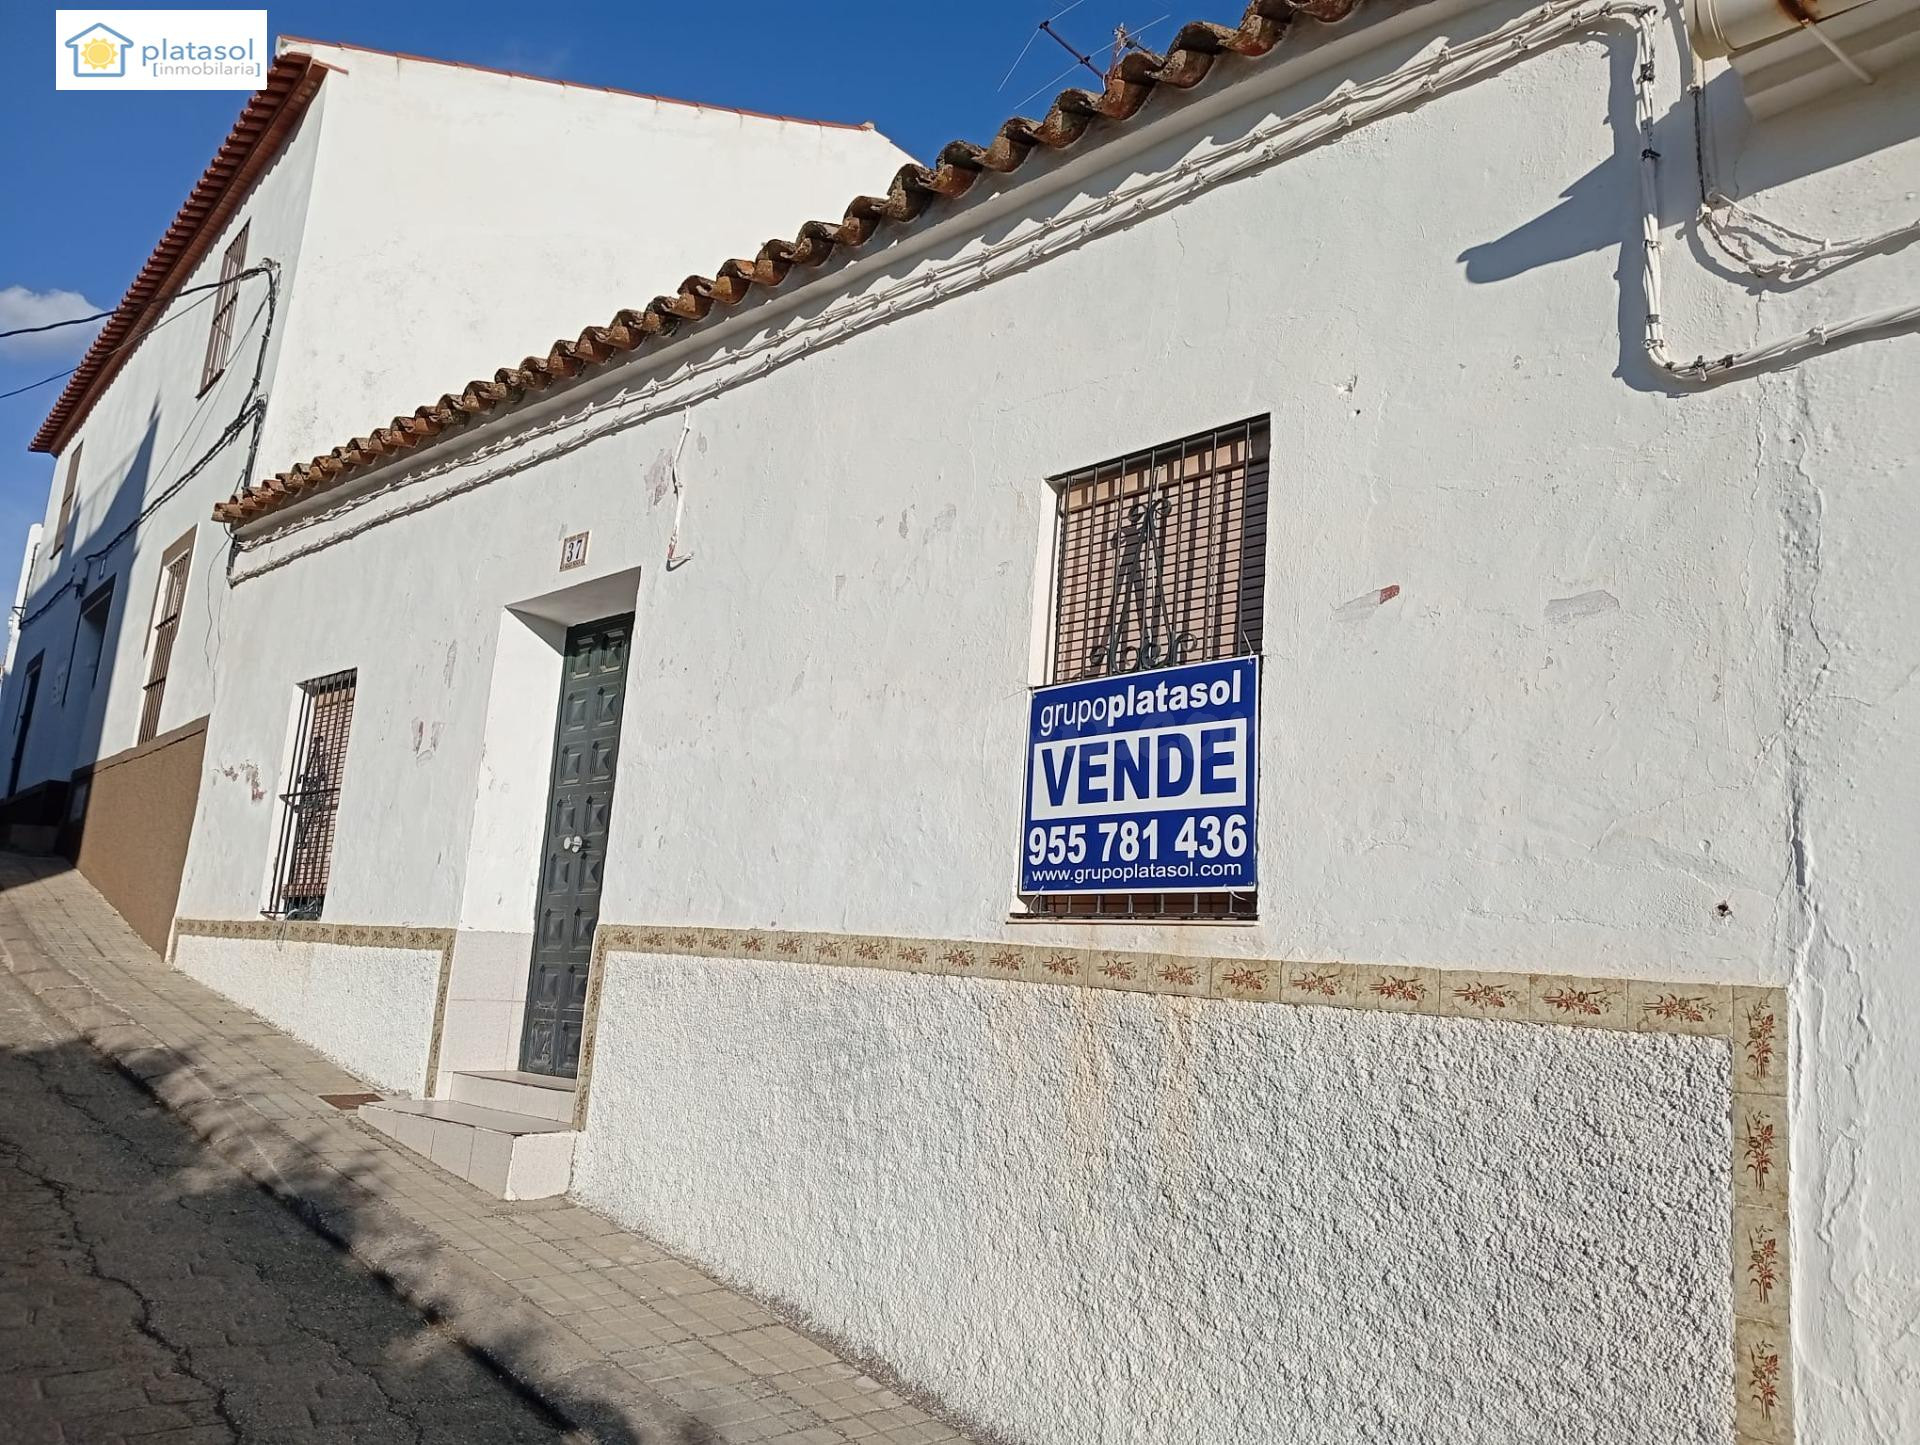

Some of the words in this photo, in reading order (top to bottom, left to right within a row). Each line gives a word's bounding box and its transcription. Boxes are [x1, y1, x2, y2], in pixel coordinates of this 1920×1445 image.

[566, 539, 583, 563] 37
[1040, 669, 1241, 737] grupoplatasol
[1041, 726, 1237, 807] VENDE
[1028, 824, 1086, 866] 955
[1098, 818, 1158, 862] 781
[1174, 814, 1247, 859] 436
[1031, 861, 1242, 884] www.grupoplatasol.com
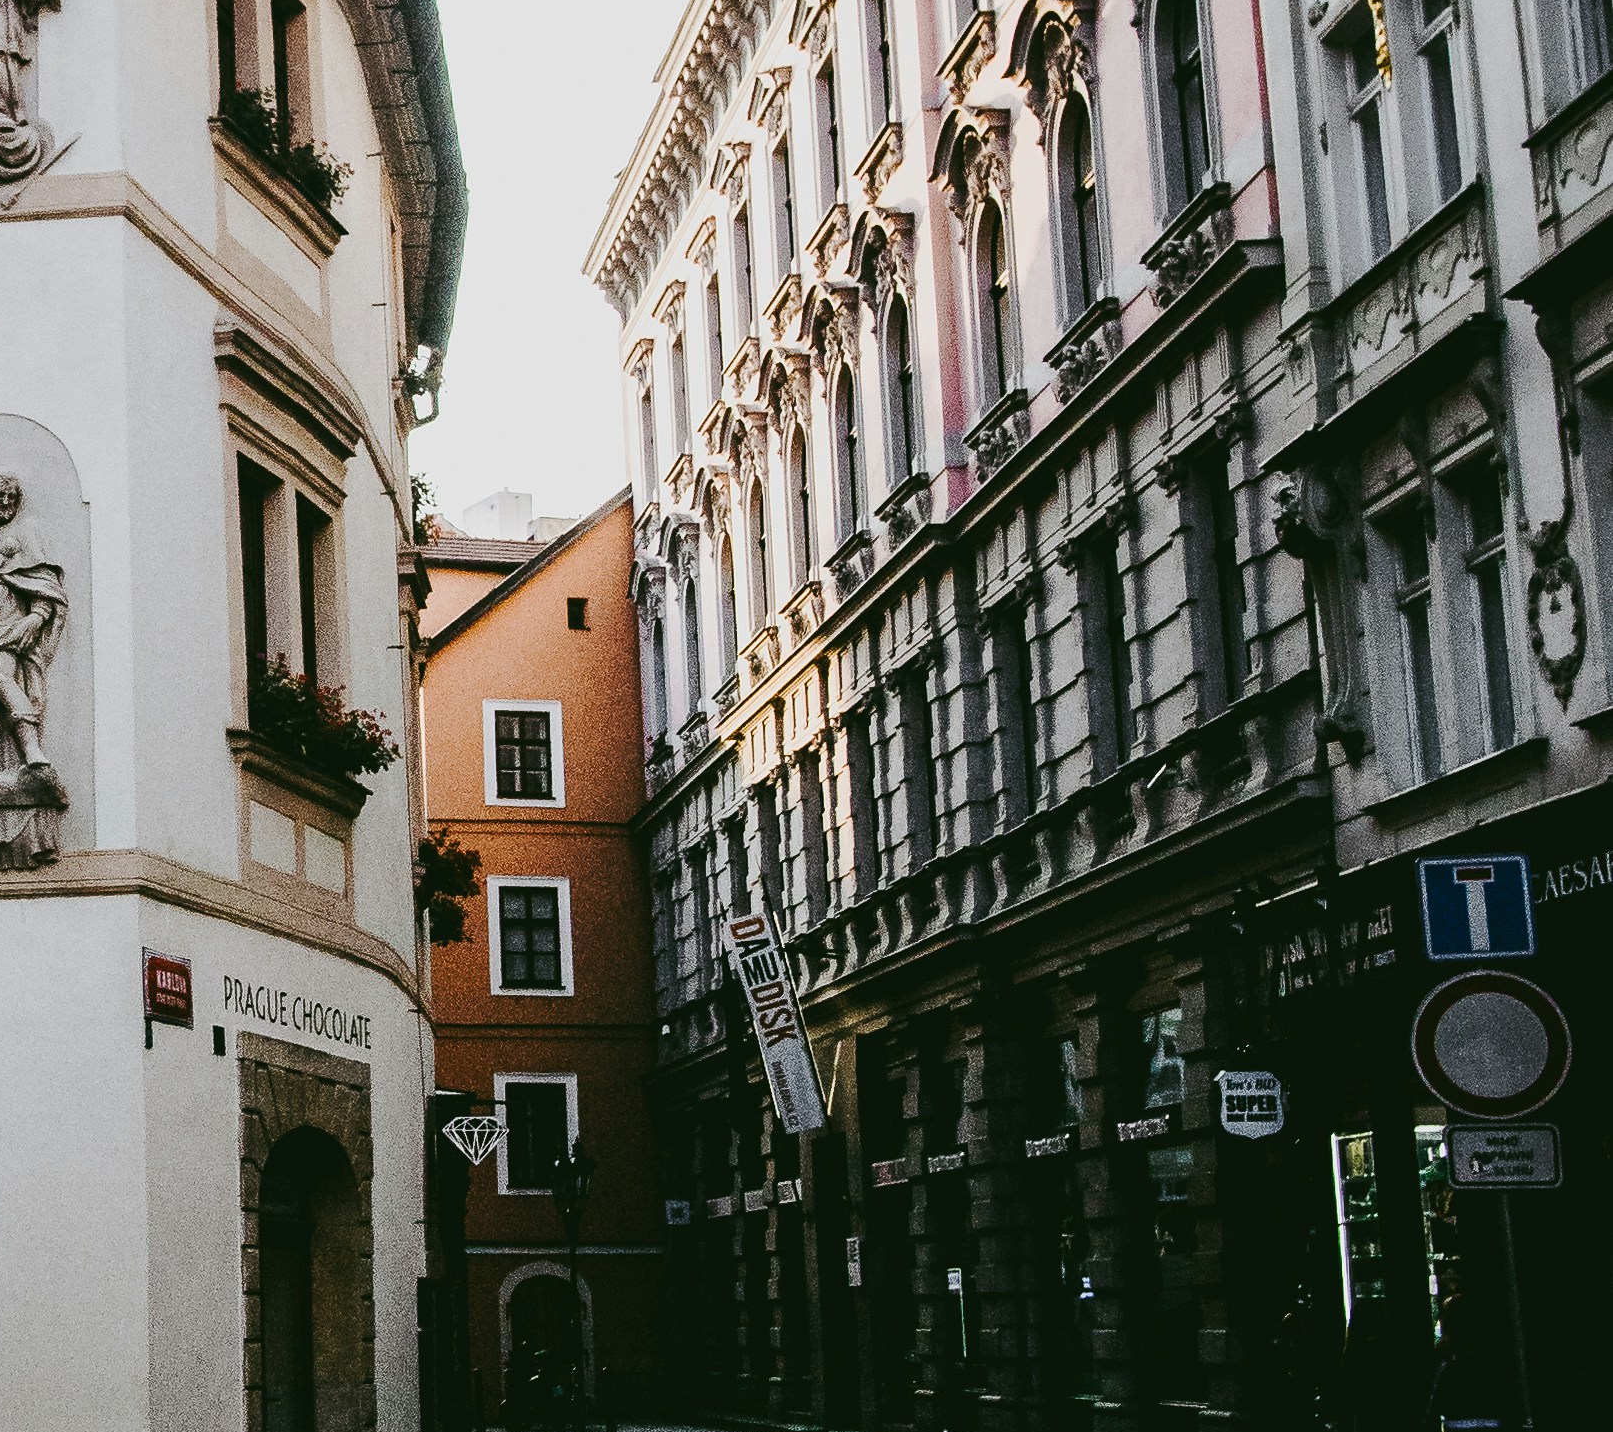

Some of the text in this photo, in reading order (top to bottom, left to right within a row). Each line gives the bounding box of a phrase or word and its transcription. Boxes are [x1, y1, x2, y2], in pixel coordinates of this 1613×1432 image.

[224, 975, 371, 1049] PRAGUE CHOCOLATE
[1226, 1095, 1277, 1112] SUPER
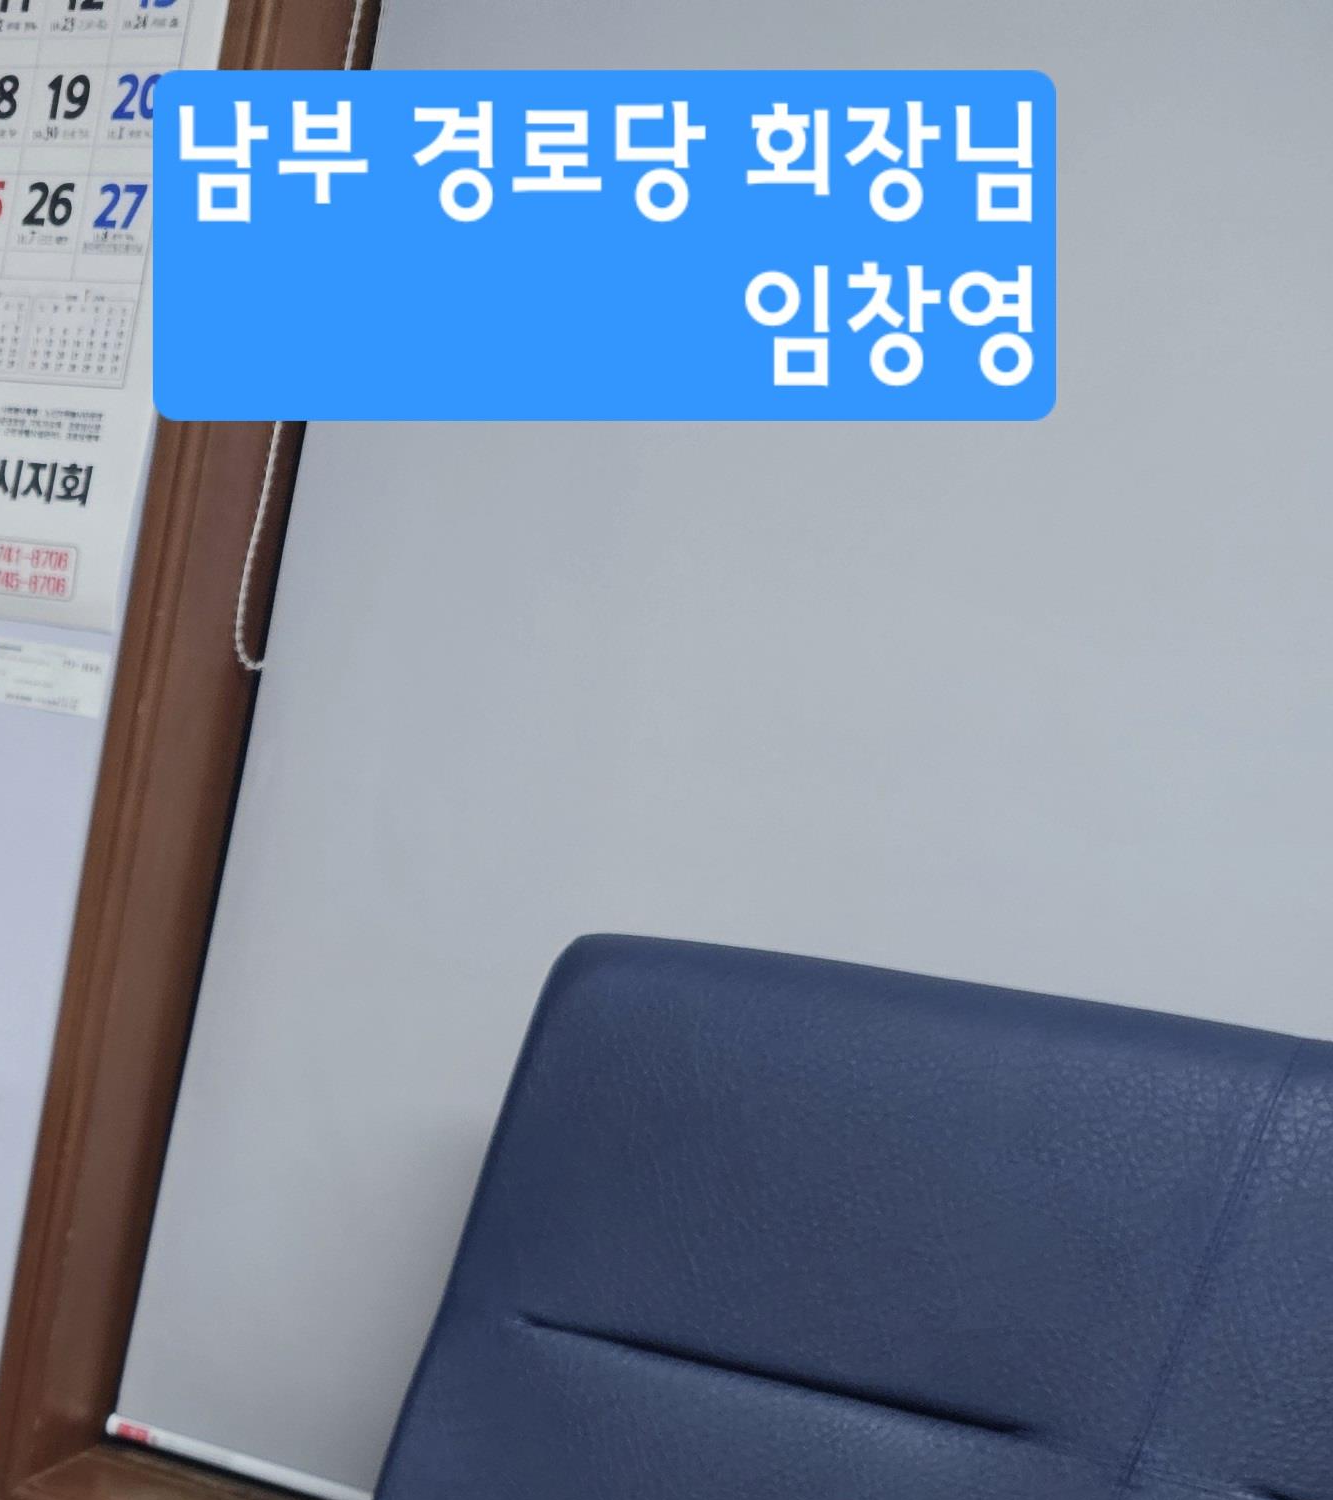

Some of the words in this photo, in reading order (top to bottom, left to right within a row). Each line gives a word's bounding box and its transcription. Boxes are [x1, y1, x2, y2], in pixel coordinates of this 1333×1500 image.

[47, 74, 91, 121] 19
[21, 181, 74, 226] 26
[92, 184, 148, 229] 27

» Exercise aim
Give the data above again exactly. Leave the pictures out.

» Answer
Some of the words in this photo, in reading order (top to bottom, left to right within a row). Each line gives a word's bounding box and its transcription. Boxes are [x1, y1, x2, y2], in pixel coordinates of this 1920×1445 image.

[566, 539, 583, 563] 37
[1040, 669, 1241, 737] grupoplatasol
[1041, 726, 1237, 807] VENDE
[1028, 824, 1086, 866] 955
[1098, 818, 1158, 862] 781
[1174, 814, 1247, 859] 436
[1031, 861, 1242, 884] www.grupoplatasol.com

Some of the text in this photo, in reading order (top to bottom, left to right within a row). Each line gives the bounding box of a phrase or word and its transcription. Boxes are [x1, y1, x2, y2], in pixel coordinates of this 1613×1432 image.

[224, 975, 371, 1049] PRAGUE CHOCOLATE
[1226, 1095, 1277, 1112] SUPER

Some of the words in this photo, in reading order (top to bottom, left to right within a row). Each line gives a word's bounding box and its transcription. Boxes are [x1, y1, x2, y2], in pixel coordinates of this 1333×1500 image.

[47, 74, 91, 121] 19
[21, 181, 74, 226] 26
[92, 184, 148, 229] 27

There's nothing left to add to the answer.